Bu gibi yabancı kelime işgallerinden kurtulan diller de olmuştur elbet. Bu diller dünya üzerinde oldukça sık ya da tam tersi çok nadir konuşulan dillerdir. Sanırım buna verilebilecek en iyi örnek İngilizcenin atası sayılan dil Almancadır. Almanya, dile girebilecek yabancı kelimelerin fazlalığını önlemek amacıyla bir dil topluluğu kurmuştur. Ne zaman diğer dillerde yeni bir icat, keşif, kelime ortaya çıksa bu topluluk kelimeyi inceler ve Almancaya uygun bir çevirisini bulur. Halka bu yeni kelime duyurulur ve böylece dil yabancı etkilerden uzak tutulur. (örn. Fransızca kökenli televizyon - tam Türkçesiyle uzak görüş - kelimesi yerine fernsehen - tam Türkçesiyle uzak bakan -)

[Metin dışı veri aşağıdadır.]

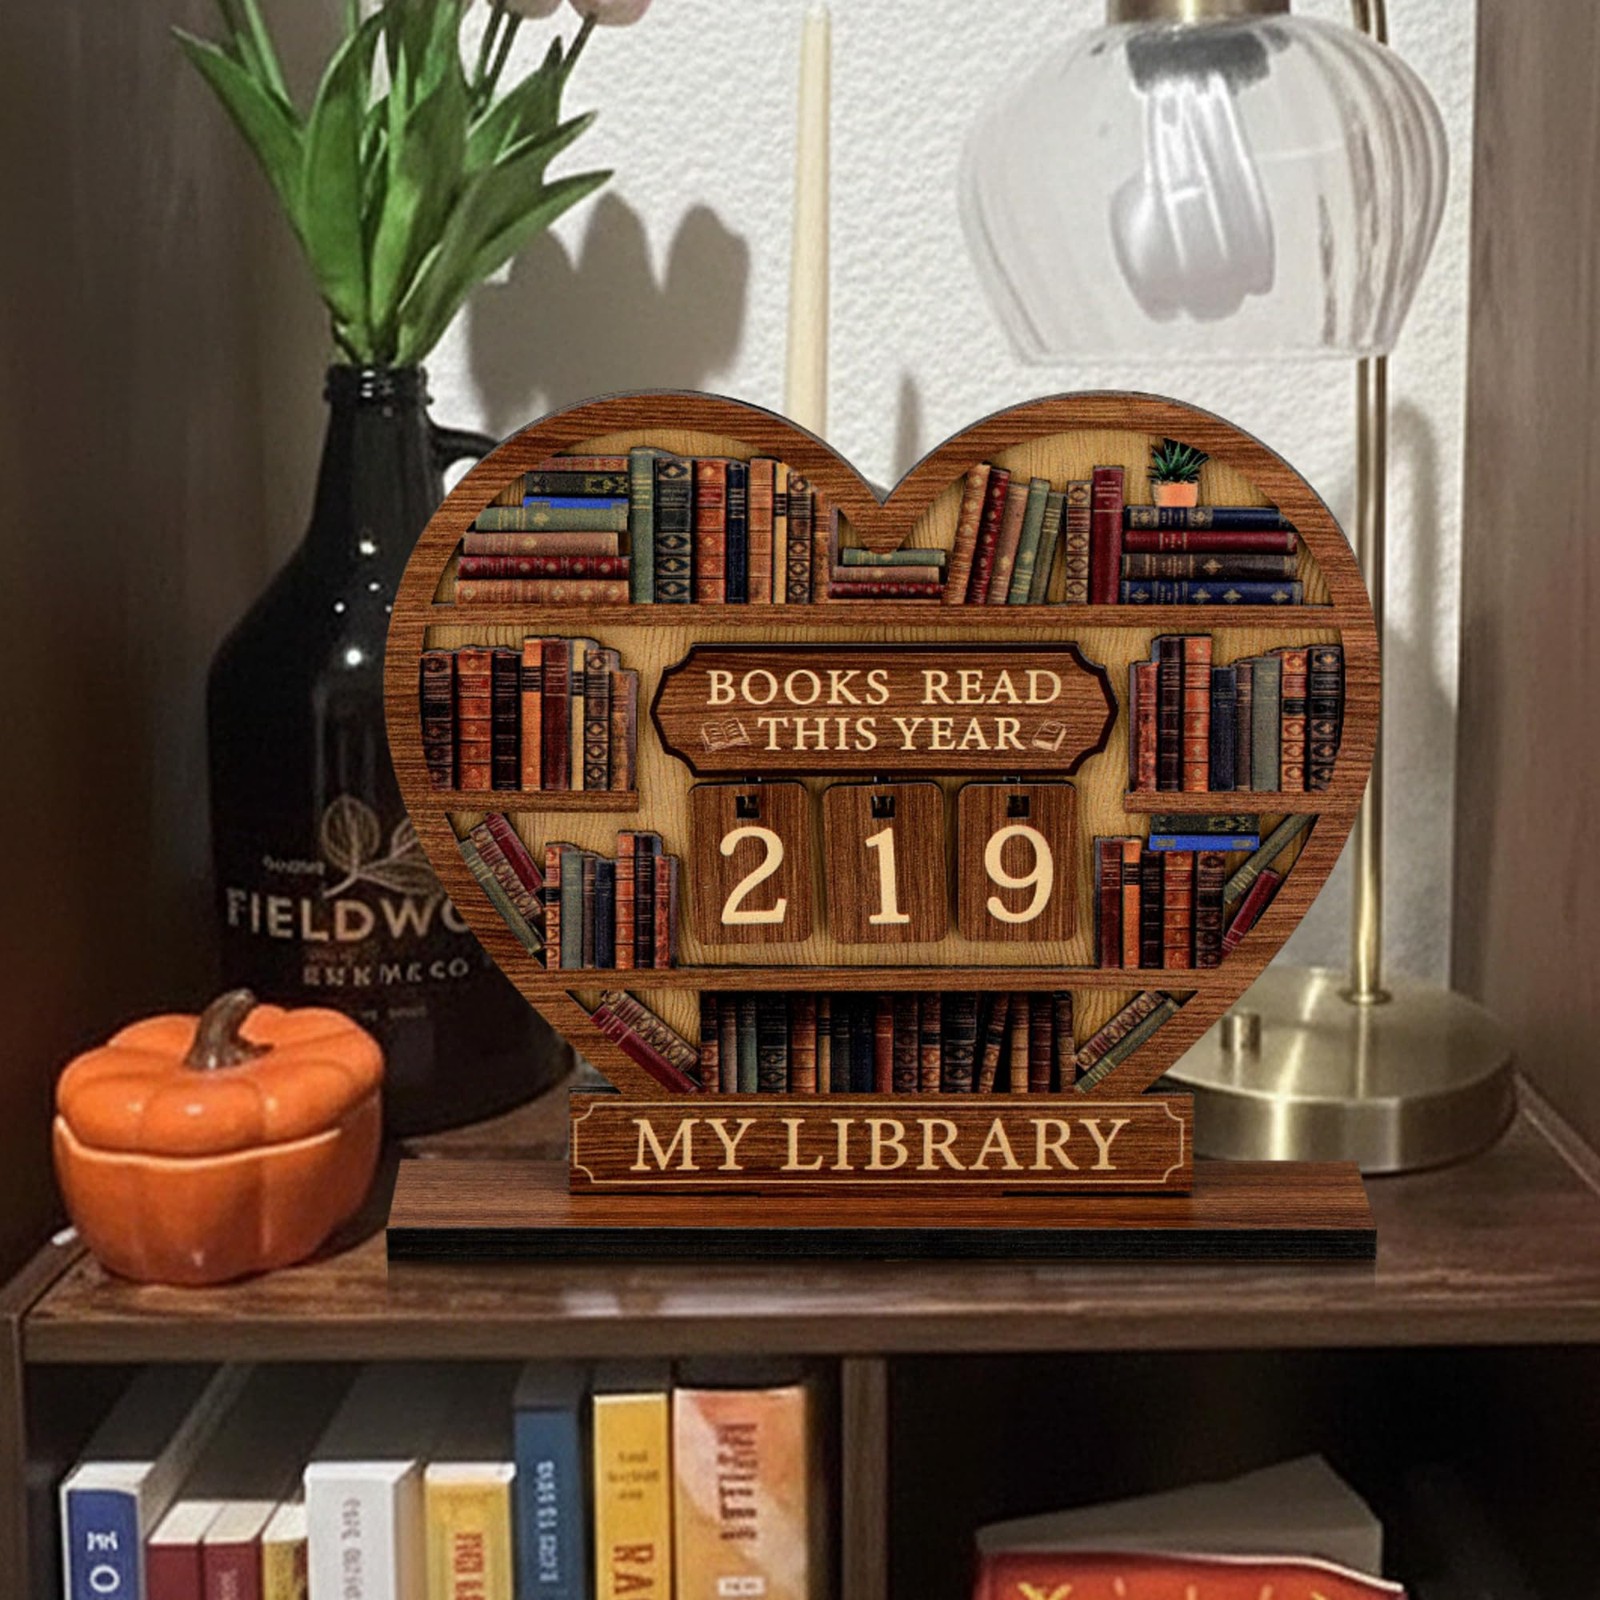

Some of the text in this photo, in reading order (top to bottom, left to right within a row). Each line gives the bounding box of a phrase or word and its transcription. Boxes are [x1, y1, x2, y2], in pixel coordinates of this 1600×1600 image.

Türkçede Cumhuriyet sonrasında dili yabancı kelimelerden kurtarmak amacıyla böyle işlere girişilmiş ancak başarılı olunamamıştır. TürkBilim sitelerinin yaptığı "Türkçe Karşılıklar Sözlüğü" örnek gösterilebilir.3 Bu adımların atılmasında - özentilikten olsa gerek - çok geç kalınmıştır. Ve hangi kelimenin atılması, hangi kelimenin kalması sonucunda karara varamayan "beceriksiz insanlar" bütün işi yüzlerine gözlerine bulaştırmıştır.

Aşk yerine sevi, saat yerine güngen, Türkiye yerine Türkey...
Allah aşkınıza, olur mu öyle şey?

Babil Kulesi efsanesinden bu yana ortaya çıkmış en mükemmel dildir, Türkçe. Başlı başına mücevherlerle dolu bir hazine sandığıdır. İçinde en pahalı elmaslardan, yakutlardan tutun da safirler ve incilere kadar envai çeşit zenginliği vardır. Bazı taşlar zamanla bozunur, değerini kaybeder. Bu hazine sandığını değerli tutmak bizlerin elindedir. Türk milleti elindeki bu paha biçilmez zenginliğin bir an önce farkına varmalı, atalarından aldığı derslerle artık bir şeyler yapmalıdır. Onu korumalı, onu en doğru şekilde gelecek kuşaklara aktarmalıdır.

Çünkü binlerce kıtaya yayılmış, binlerce topluluk tarafından, binlerce konuda, binlerce lehçeyle, binlerce hal içinde, binlerce kez konuşulan Türkçe işte bunu hak etmektedir.